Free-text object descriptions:
--------
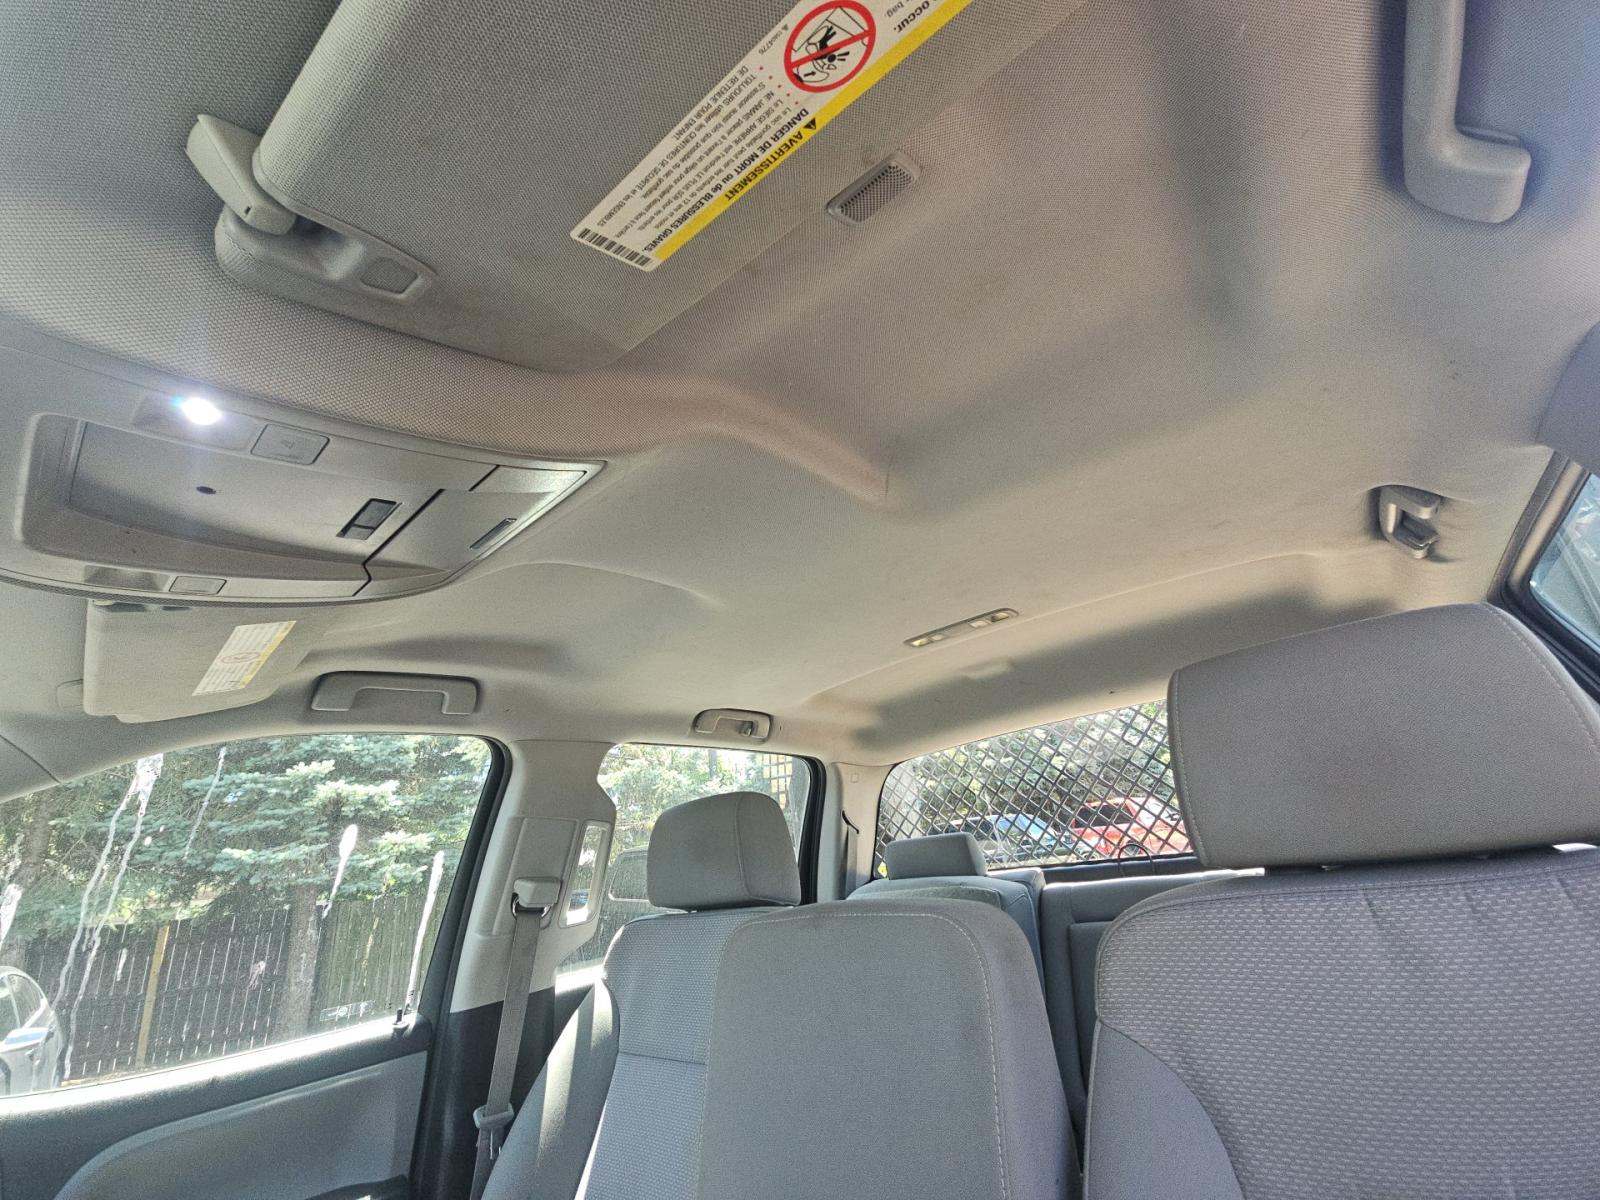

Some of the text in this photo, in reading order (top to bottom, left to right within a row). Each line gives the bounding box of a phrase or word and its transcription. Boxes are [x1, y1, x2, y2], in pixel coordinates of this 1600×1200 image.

[893, 0, 930, 33] occur.
[693, 101, 712, 120] POUR
[769, 107, 809, 142] DANGER
[756, 140, 772, 153] DE
[722, 130, 804, 201] AVERTISSEMENT
[732, 151, 760, 175] MORT
[709, 182, 724, 194] de
[720, 172, 734, 184] ou
[669, 191, 714, 229] BLESSURES
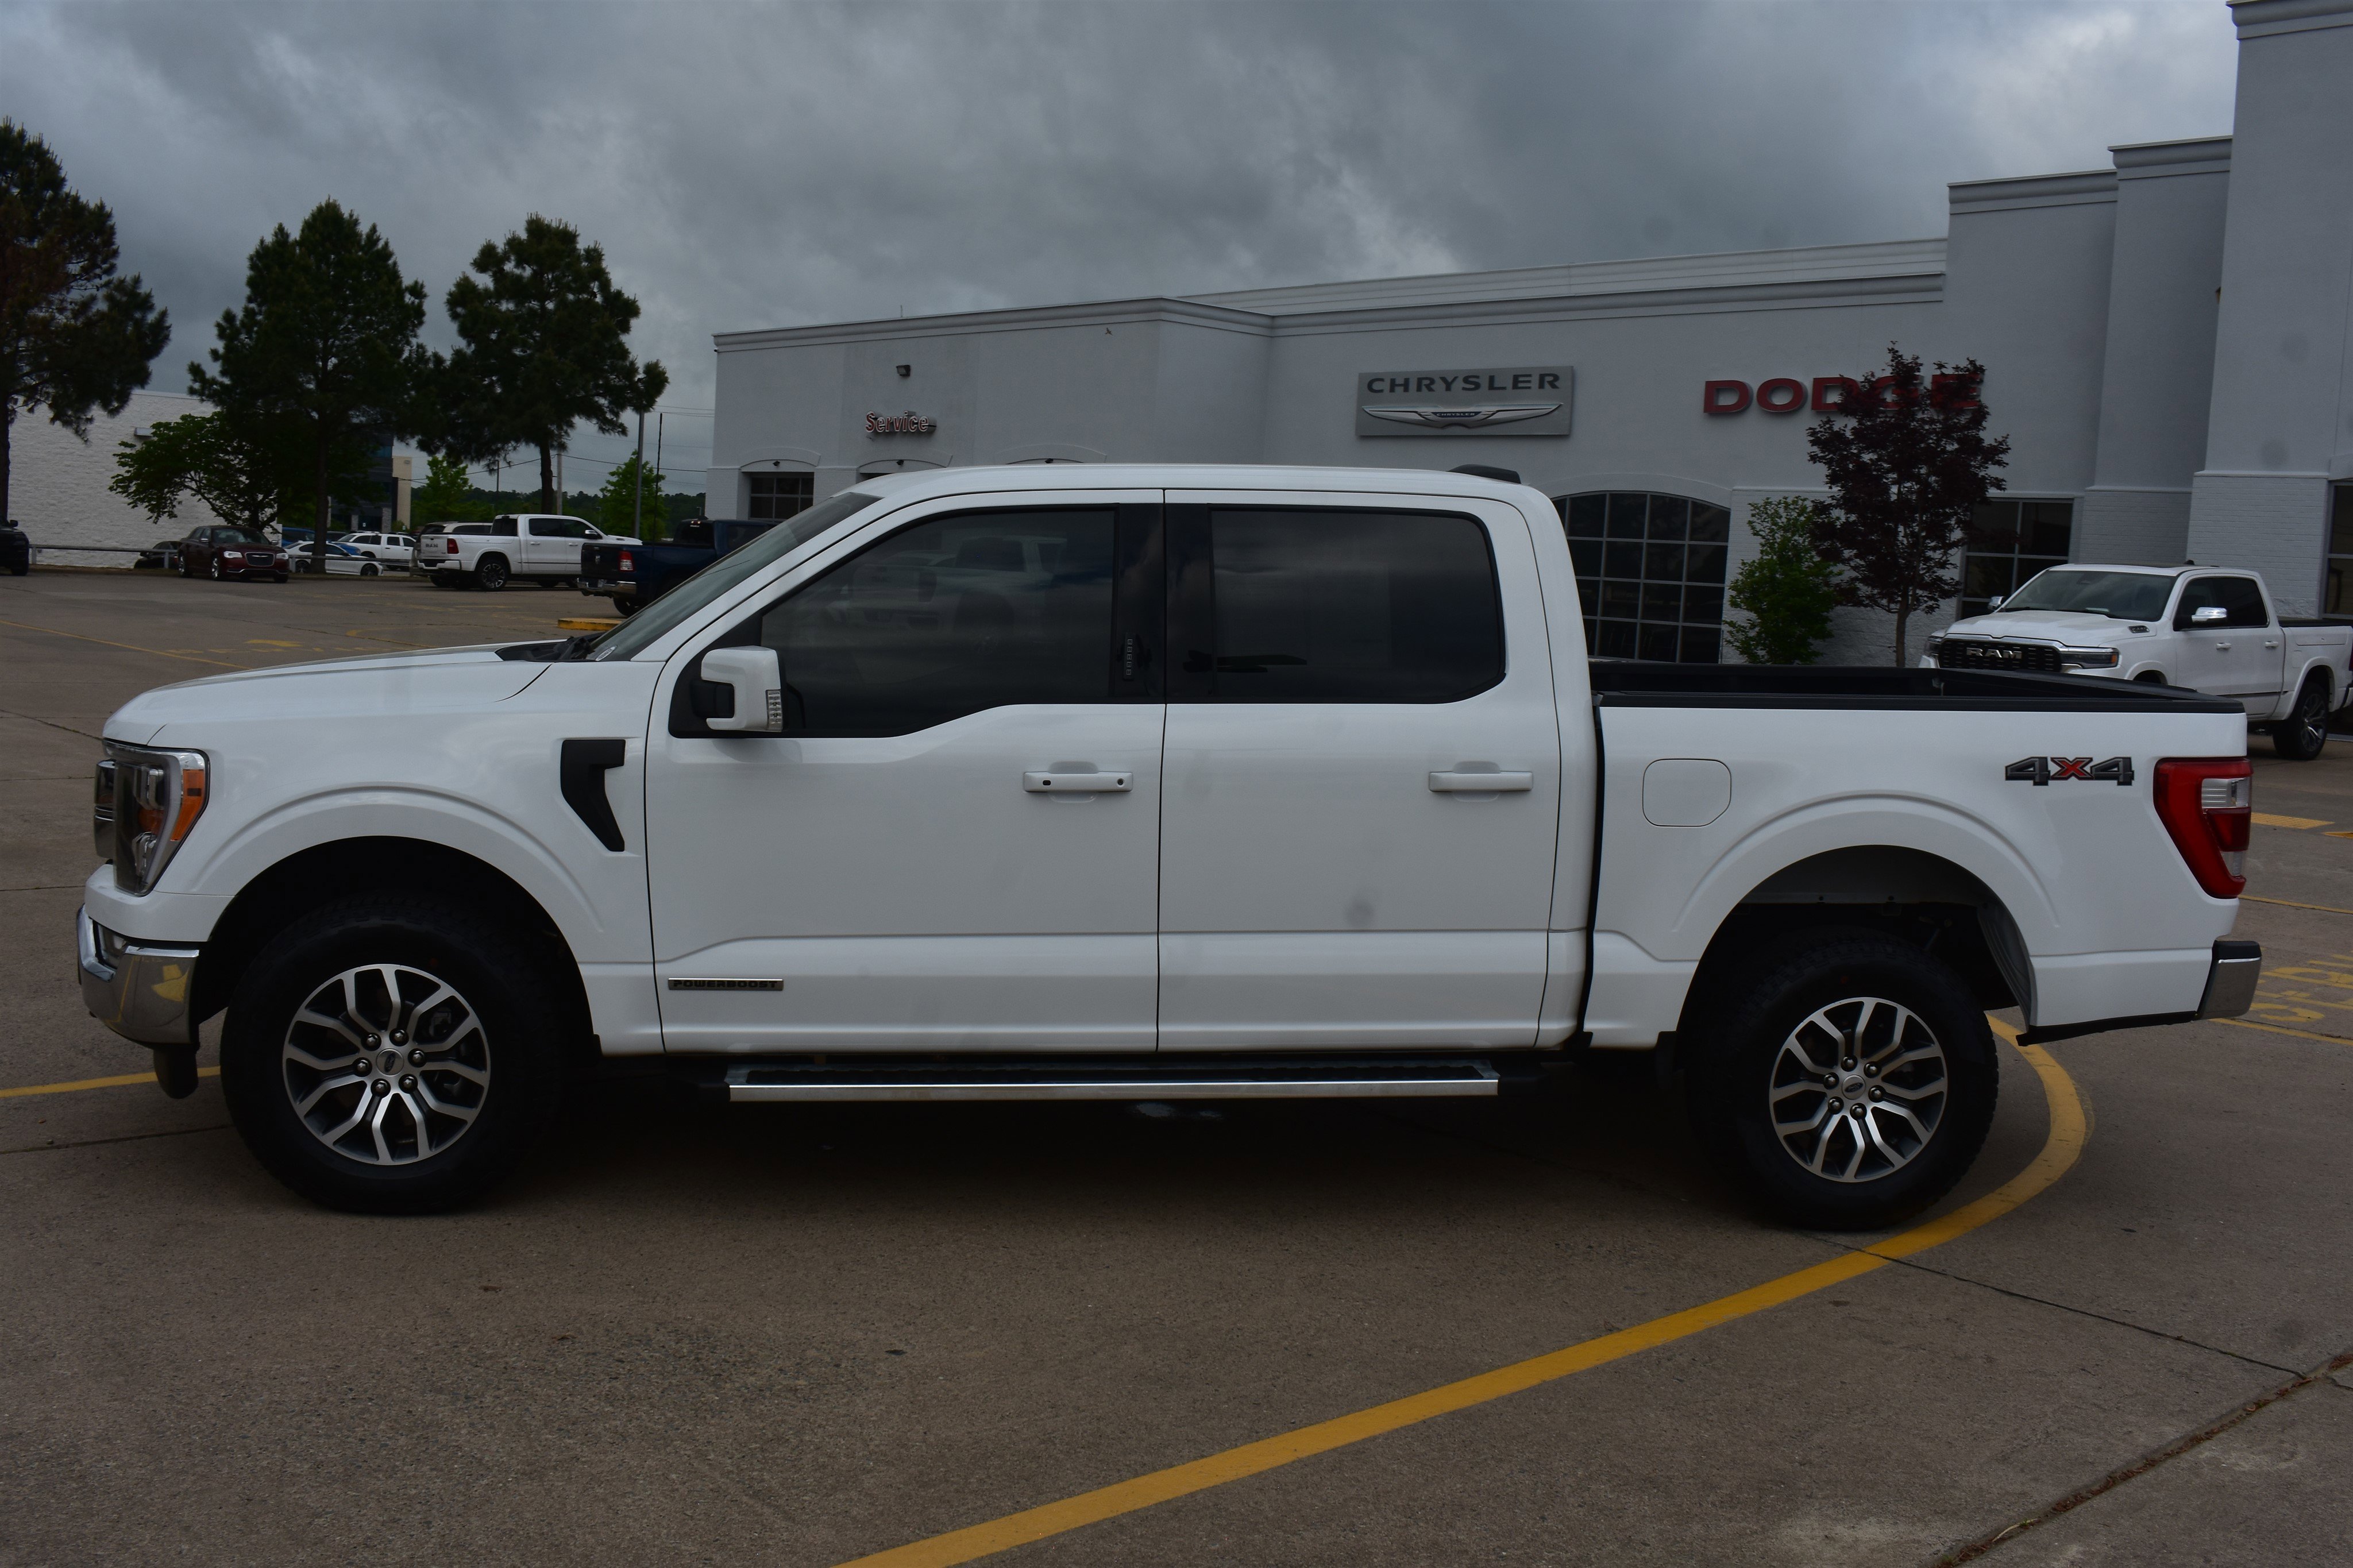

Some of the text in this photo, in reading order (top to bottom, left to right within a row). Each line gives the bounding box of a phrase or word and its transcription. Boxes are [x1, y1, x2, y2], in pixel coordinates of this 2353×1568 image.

[1366, 373, 1560, 393] CHRYSLER
[865, 411, 929, 432] Service
[1966, 647, 2022, 659] RAM
[673, 979, 778, 988] POWERBOOST
--------
> **Exercise objective**
No picture belongs in the copy. Print every entry above exactly as it stands.

> **Task solution**
Some of the text in this photo, in reading order (top to bottom, left to right within a row). Each line gives the bounding box of a phrase or word and its transcription. Boxes are [x1, y1, x2, y2], in pixel coordinates of this 1600×1200 image.

[893, 0, 930, 33] occur.
[693, 101, 712, 120] POUR
[769, 107, 809, 142] DANGER
[756, 140, 772, 153] DE
[722, 130, 804, 201] AVERTISSEMENT
[732, 151, 760, 175] MORT
[709, 182, 724, 194] de
[720, 172, 734, 184] ou
[669, 191, 714, 229] BLESSURES

Some of the text in this photo, in reading order (top to bottom, left to right within a row). Each line gives the bounding box of a phrase or word and its transcription. Boxes are [x1, y1, x2, y2], in pixel coordinates of this 2353×1568 image.

[1366, 373, 1560, 393] CHRYSLER
[865, 411, 929, 432] Service
[1966, 647, 2022, 659] RAM
[673, 979, 778, 988] POWERBOOST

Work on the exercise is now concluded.